Just to be really clear about all this, let’s return to the two-good Smith-Jones economy above. J.S. Mill would have no problem handling the mutual overproduction case – in fact, this is exactly what he was responding to in the War Expenditure essay. He would say that the fact that Smith and Jones both went to the trouble of producing their respective goods (we’re assuming here that Smith and Jones never consume the goods that they themselves produce, and that they derive no inherent utility from the production process) proves that they intended to exchange with each other – therefore there must be some exchange rate that would satisfy each party, even if there is not necessarily one that satisfies both simultaneously.

Lange could then say “Aha, so Walras’s Law is a legitimate starting point after all!” But the point is that this added piece of behavioral logic already shows that supply implies the willingness to purchase (at some exchange rate) and gives the supplier the power to purchase (at some exchange rate). Supply is therefore a sufficient condition for ex ante demand. The only question is whether the suppliers have correctly anticipated the exchange rate at which the other party will agree to transact – this determines whether or not their ex ante demand will be realized ex post. But this is a problem that is well handled by the standard microeconomic tools of pricing and profit/loss. Mill’s point – and the entire reason that we should care about Say’s Law at all – is that there is no mysterious extra dimension of economic analysis where we have to worry about ex ante demand (i.e. demand in general) being insufficient.

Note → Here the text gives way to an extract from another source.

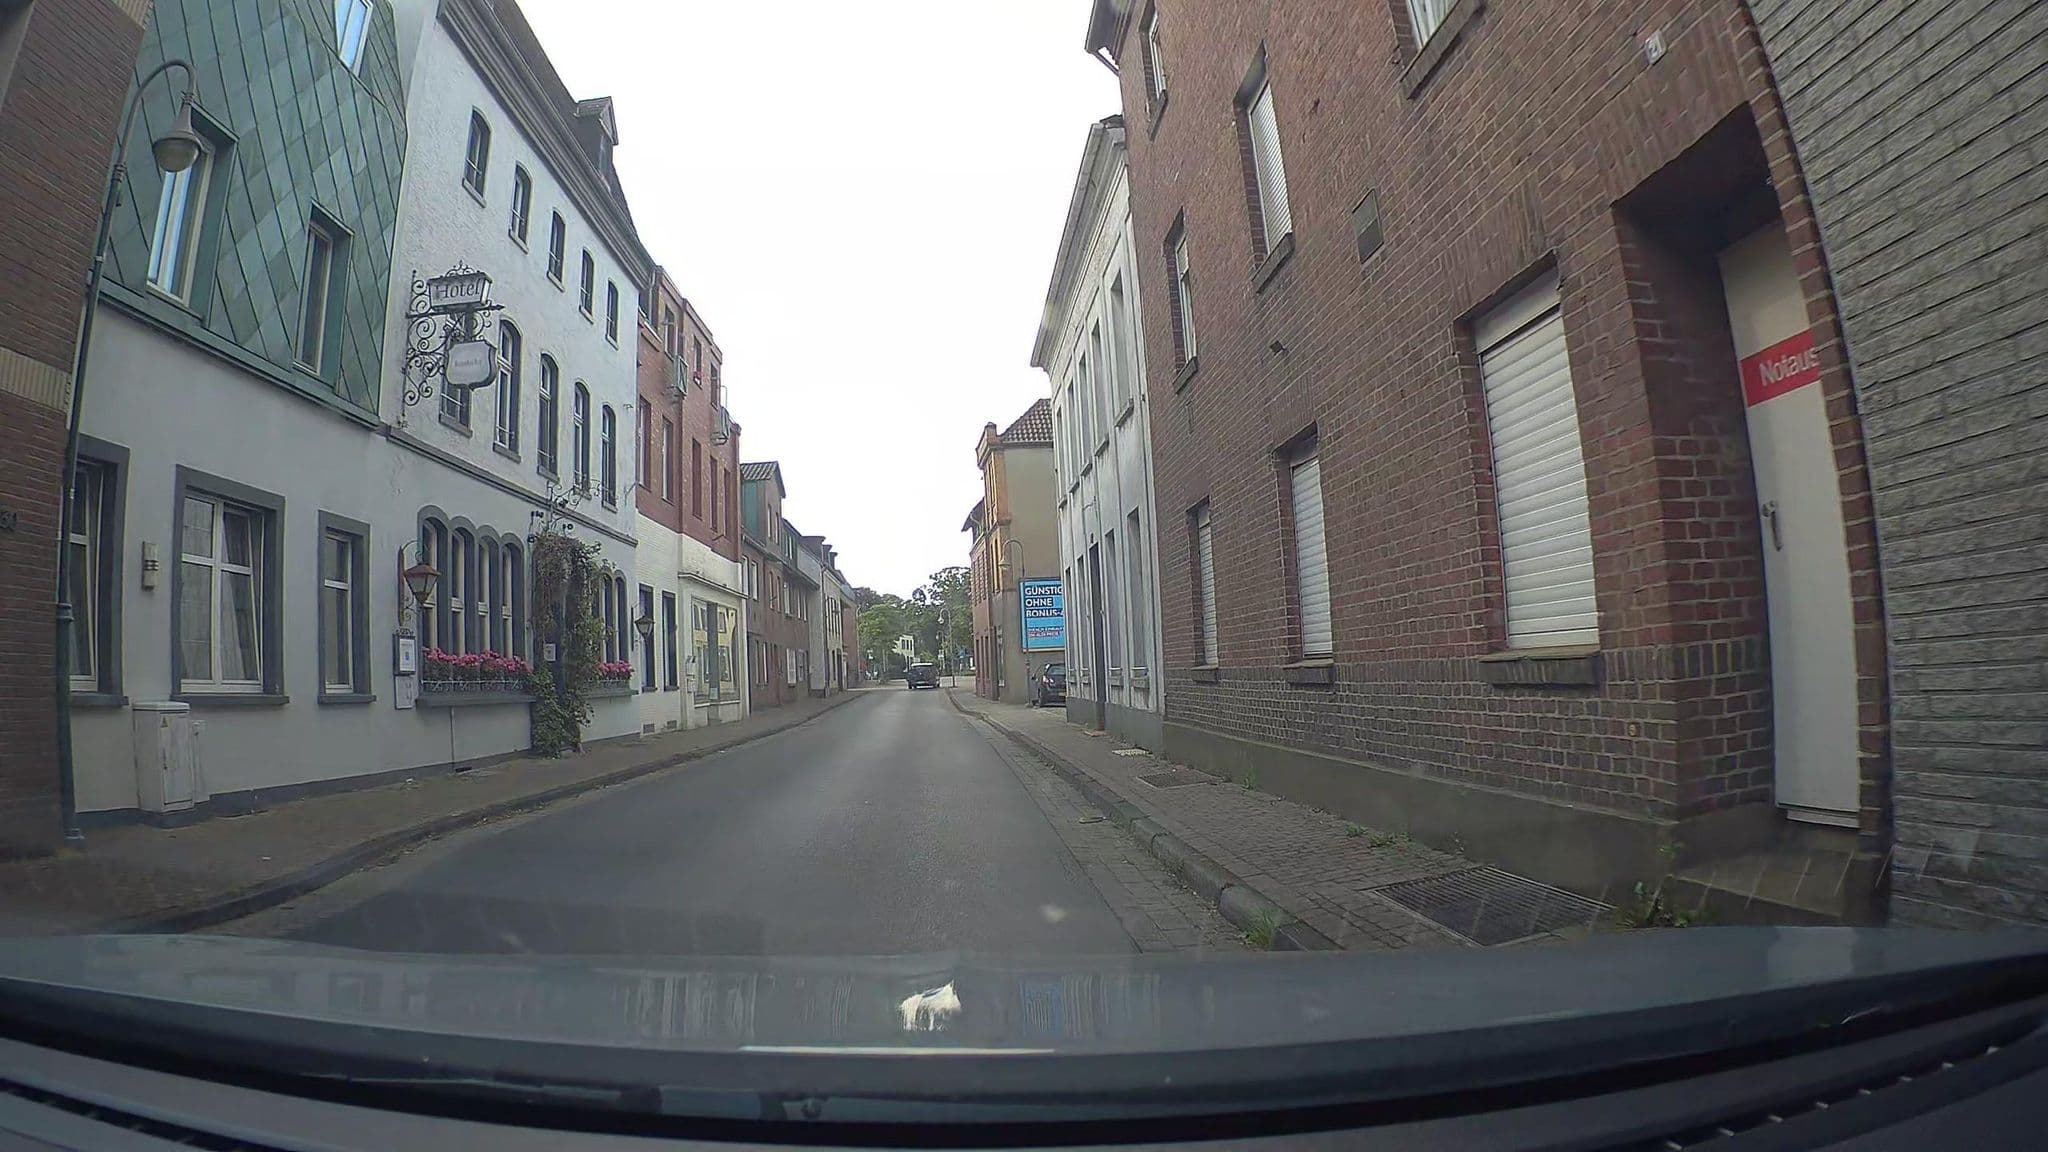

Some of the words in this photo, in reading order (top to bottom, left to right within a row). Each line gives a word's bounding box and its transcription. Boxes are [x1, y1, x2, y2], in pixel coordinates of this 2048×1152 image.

Note also, in contrast to Lange’s approach, that this reasoning handles money without any problem. Perhaps Smith produces certain increments of Good A because he wants to add to his real cash balances. There is nothing special about this – either he has calculated correctly, in which case there is no problem, or he has not, in which case he suffers a loss, and either learns or goes out of business.

So the entire money/barter dichotomy is just a byproduct of Lange’s fallacious approach. In my opinion, this whole episode is a testament to the power of verbal deductive logic in economics, and to the dangers of attempting to translate it to mathematics.